For this exercise, reproduce each entry below exactly, excluding pictures.

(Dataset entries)
========================================================================

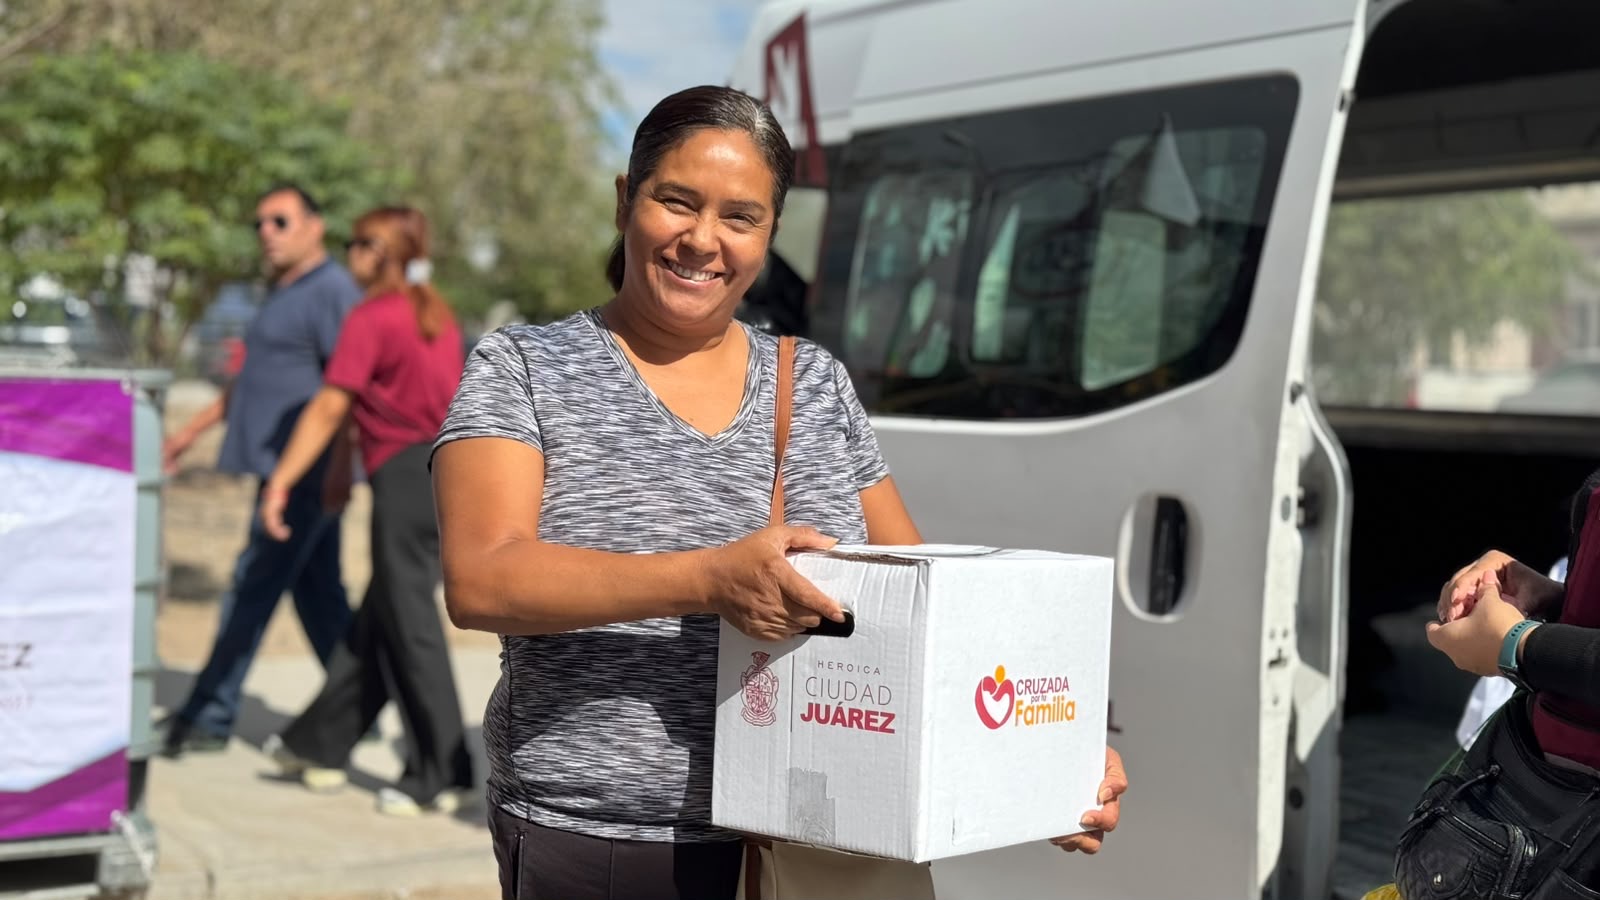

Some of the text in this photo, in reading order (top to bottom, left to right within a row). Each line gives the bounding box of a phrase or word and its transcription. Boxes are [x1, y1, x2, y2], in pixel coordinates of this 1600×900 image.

[817, 660, 881, 675] HEROICA
[805, 676, 892, 706] CIUDAD
[1016, 676, 1069, 696] CRUZADA
[1030, 693, 1047, 704] por tu
[800, 701, 896, 734] JUÁREZ
[1015, 695, 1075, 727] Familia
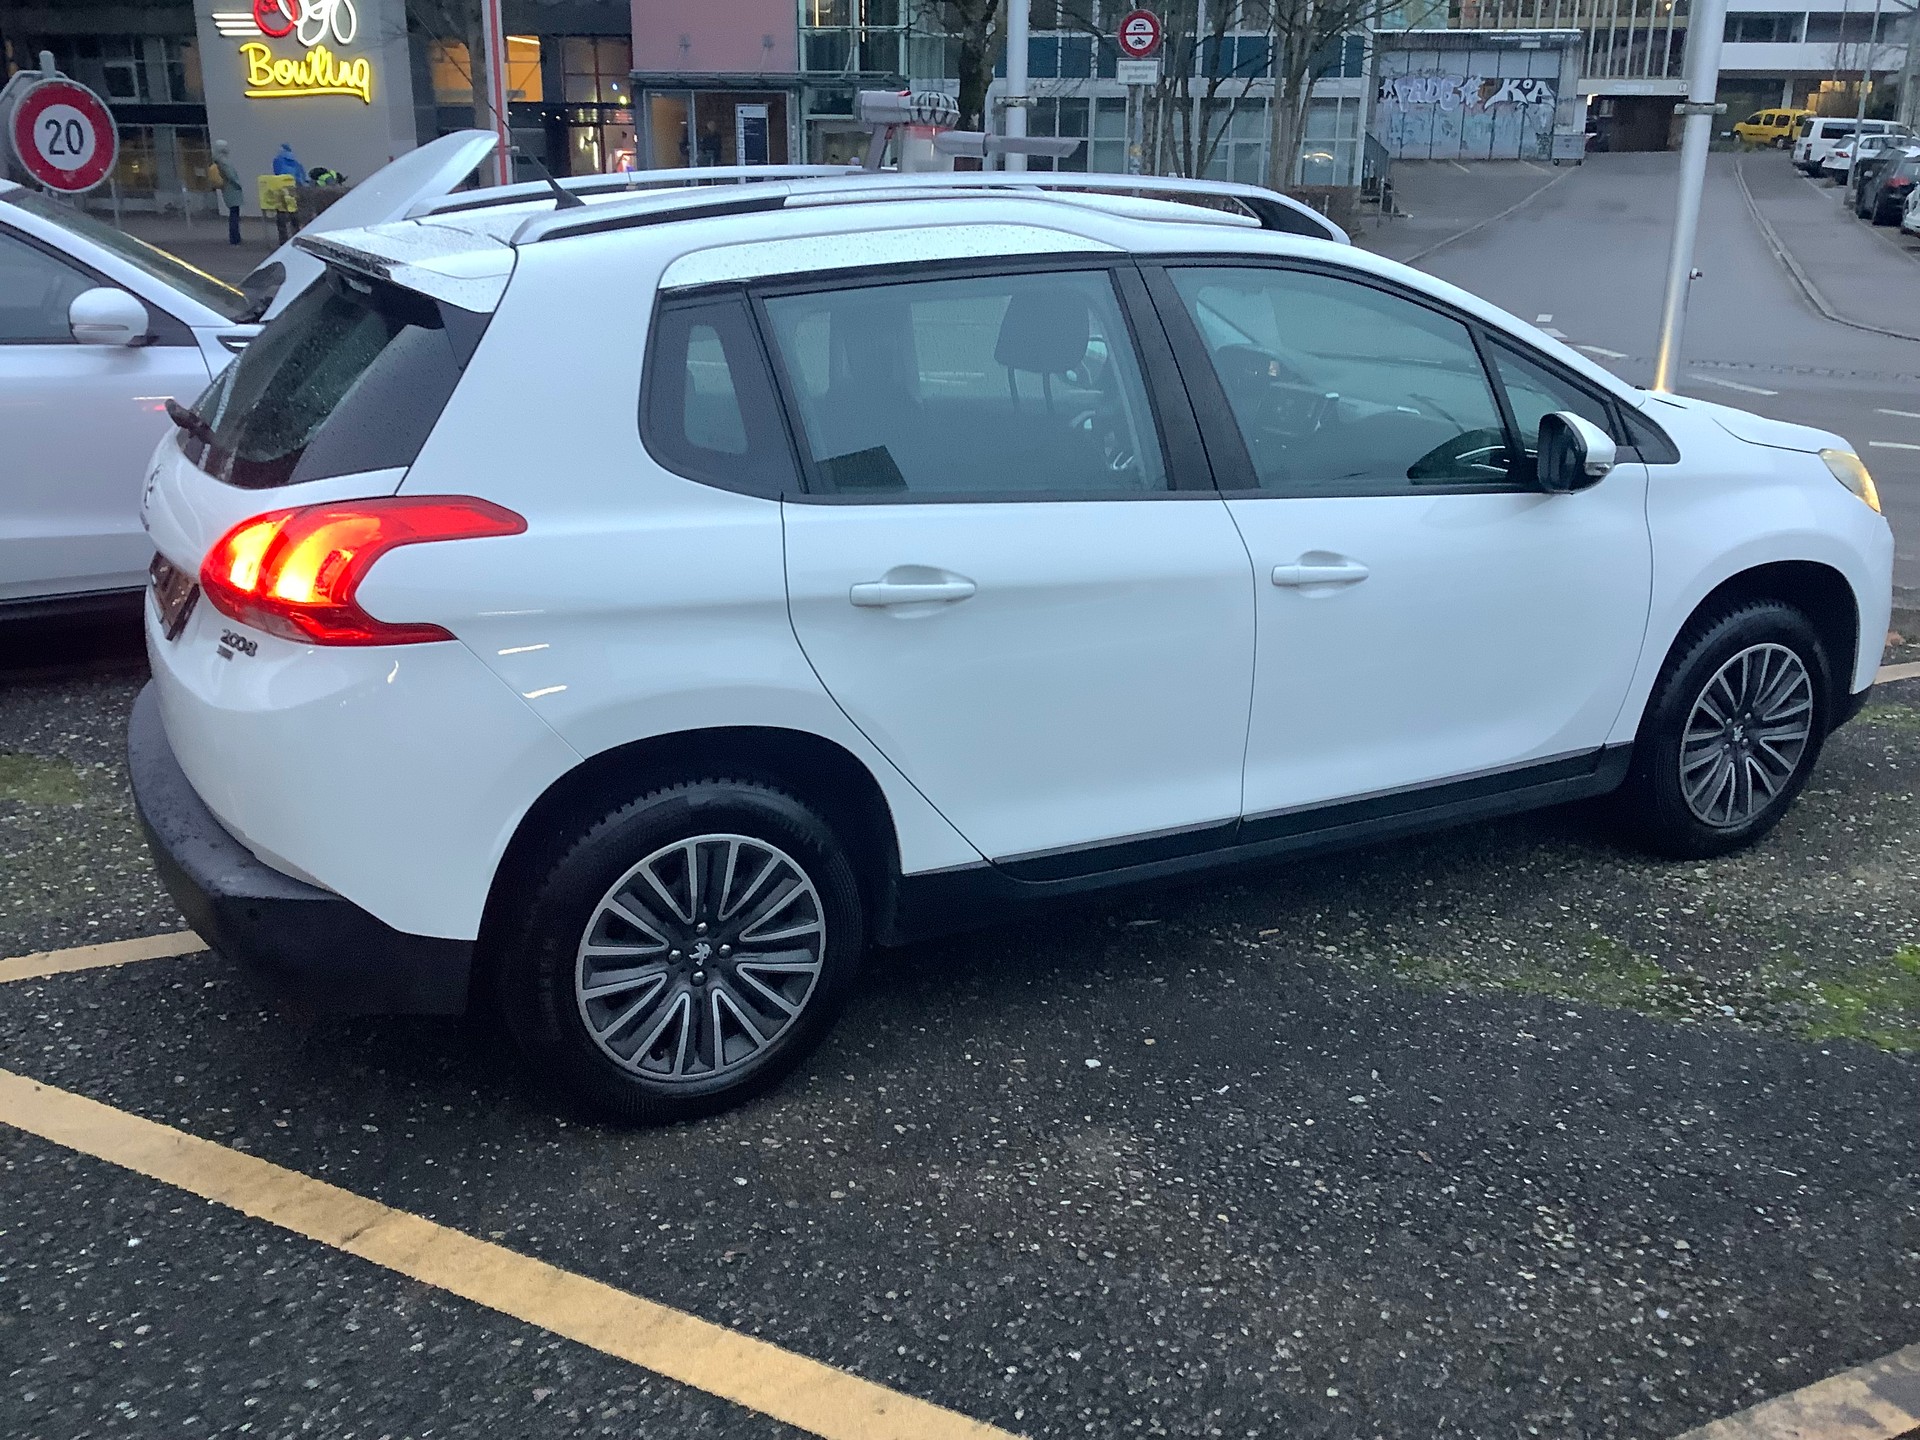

========================================================================

**Expected answer:**
Some of the text in this photo, in reading order (top to bottom, left to right within a row). Each line gives the bounding box of a phrase or word and its transcription. Boxes are [x1, y1, x2, y2], in pixel coordinates of this 1600×900 image.

[817, 660, 881, 675] HEROICA
[805, 676, 892, 706] CIUDAD
[1016, 676, 1069, 696] CRUZADA
[1030, 693, 1047, 704] por tu
[800, 701, 896, 734] JUÁREZ
[1015, 695, 1075, 727] Familia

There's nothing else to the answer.